Experts have recommended that the central government and the respective state government should provide additional funds and facilitate additional funding mechanisms for ULBs to strengthen their finances. The revenue of ULBs can be augmented through measures including assignment of greater powers of taxation to the ULBs by the state government, reforms in land and property-based taxes (such as the use of technology to cover more properties), and issuing of municipal bonds (debt instruments issued by ULBs to finance development projects).
Powers of elected municipal officials
The executive power with state-appointed municipal Commissioners and elected municipal officers differs across states. States like Tamil Nadu and Gujarat, and cities like Chennai and Hyderabad vest the executive power in the Commissioner. In contrast, the executive power of the Corporation is exercised by a Mayor-in council (consisting of the Mayor and up to 10 elected members of the Corporation) in Kolkata and Madhya Pradesh. This is unlike large metropolitan cities in other countries like New York and London, where elected Mayors are designated as executive heads. Experts have noted that charging Commissioners with executive power diluted the role of the Mayor and violated the spirit of self-governance.
Under the BBMP Act, 2020, both the elected Mayor and the state-appointed Chief Commissioner exercise several executive functions. The Mayor is responsible for approving contracts and preparing the budget estimate for the Corporation. He is also required to discharge all functions assigned to him by the Corporation. On the other hand, executive functions of the Chief Commissioner include: (i) selling or leasing properties owned by the Corporation, and (ii) regulating and issuing instructions regarding public streets.
The Expert Committee on Urban Infrastructure (2011) has recommended that the Commissioner should act as a city manager and should be recruited through a transparent search-cum-selection process led by the Mayor. A Model Municipal law, released by the Urban Development Ministry in 2003, provided that the executive power should be exercised by an Empowered Standing Committee consisting of the Mayor, Deputy Mayor, and seven elected councillors.
Management of staff and human resources
Experts have noted that municipal administration in India suffers from staffing issues which leads to a failure in delivering basic urban services. These include overstaffing of untrained manpower, shortage of qualified technical staff and managerial supervisors, and unwillingness to innovate in methods for service delivery.

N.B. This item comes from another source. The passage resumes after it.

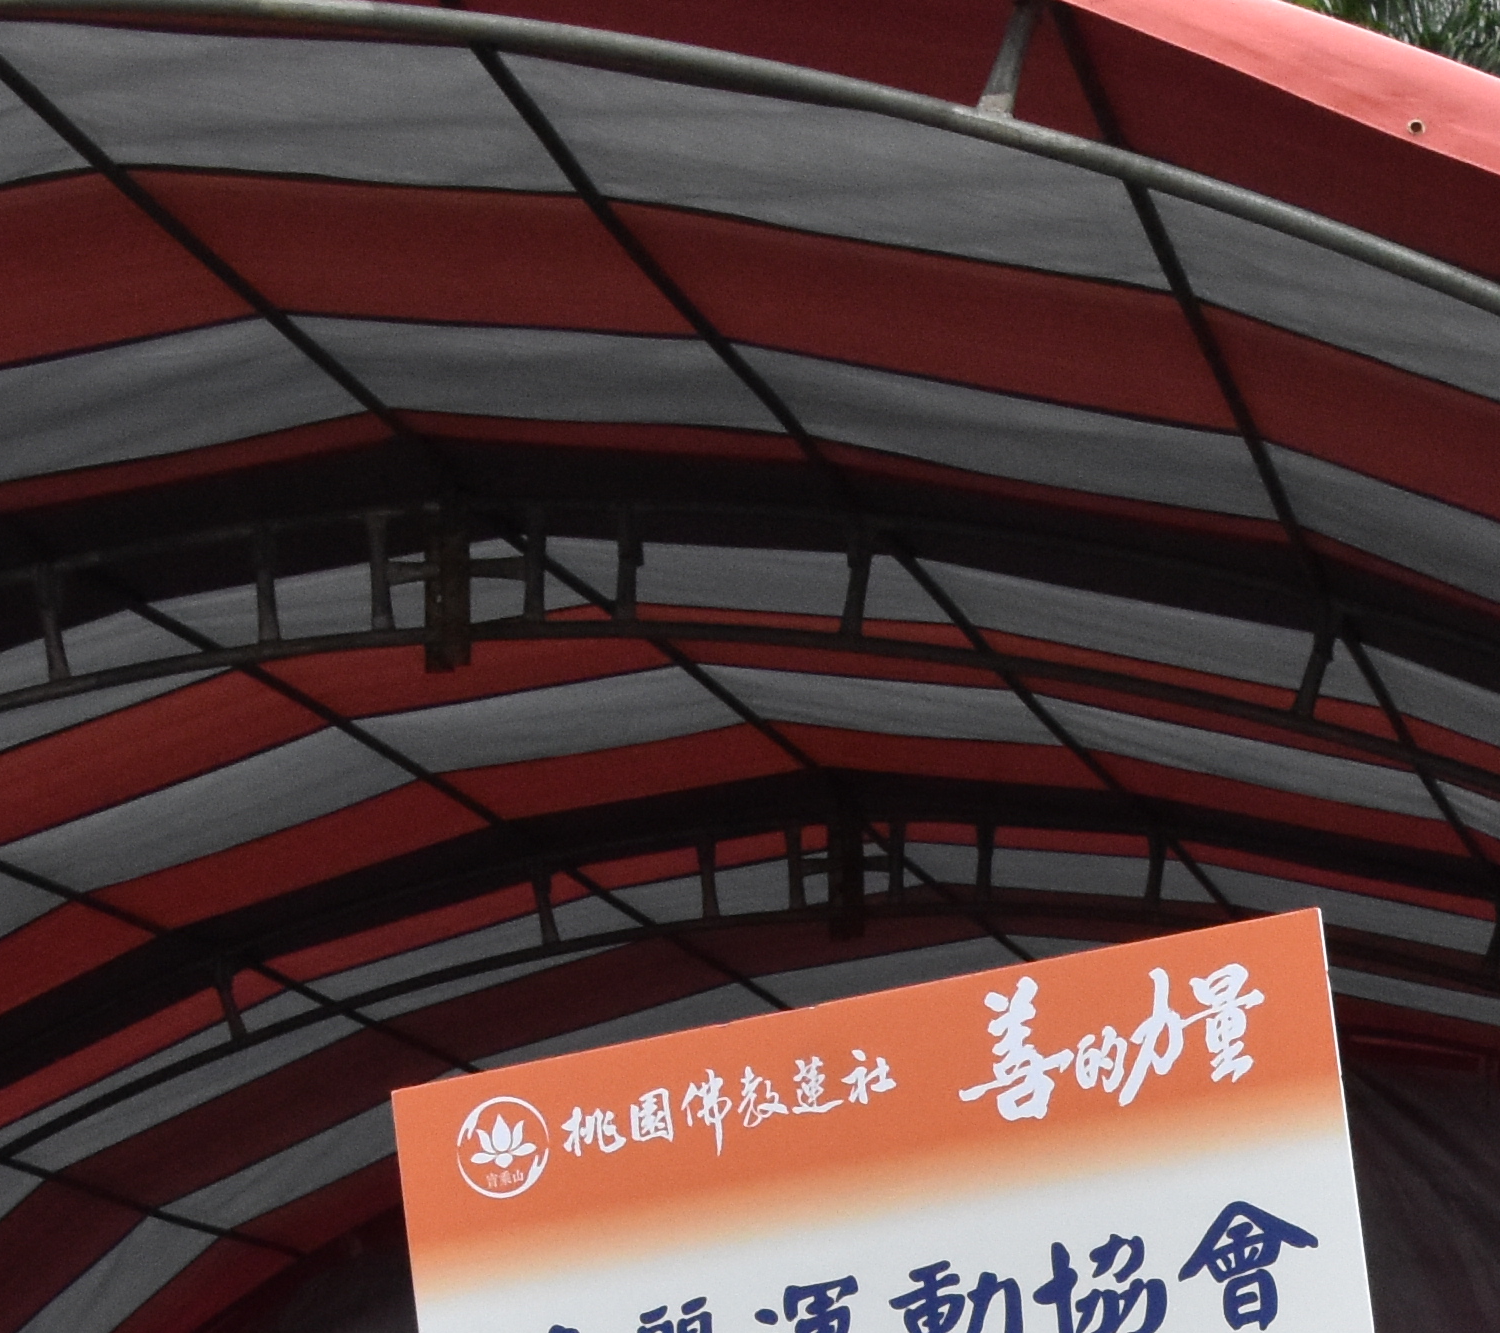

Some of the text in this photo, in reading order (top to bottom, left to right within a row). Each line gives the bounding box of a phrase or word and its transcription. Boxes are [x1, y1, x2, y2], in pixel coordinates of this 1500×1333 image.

[560, 1049, 897, 1157] 桃園佛教蓮社
[958, 962, 1265, 1121] 善的力量

The BBMP Act, 2020 provides that the Corporation may make bye-laws for the due performance of duties by its employees. However, it does not mention other aspects of human resource management such as recruitment and promotion. A CAG report (2020) looking at the implementation of the Constitution (74th Amendment) Act, 1992 in Karnataka has observed that the power to assess municipal staff requirements, recruiting such staff, and determining their pay, transfer and promotion vests with the state government. This is in contrast with the recommendations of several experts who have suggested that municipalities should appoint their personnel to ensure accountability, adequate recruitment, and proper management of staff.
Other states including Kerala, Maharashtra and Tamil Nadu also allow the state governments to regulate recruitment and staffing for ULBs. In cities like Mumbai, and Coimbatore, and some states like Gujarat and Madhya Pradesh, while the recruitment process is conducted by the respective municipal corporations, the final sanction for hiring staff lies with the state government.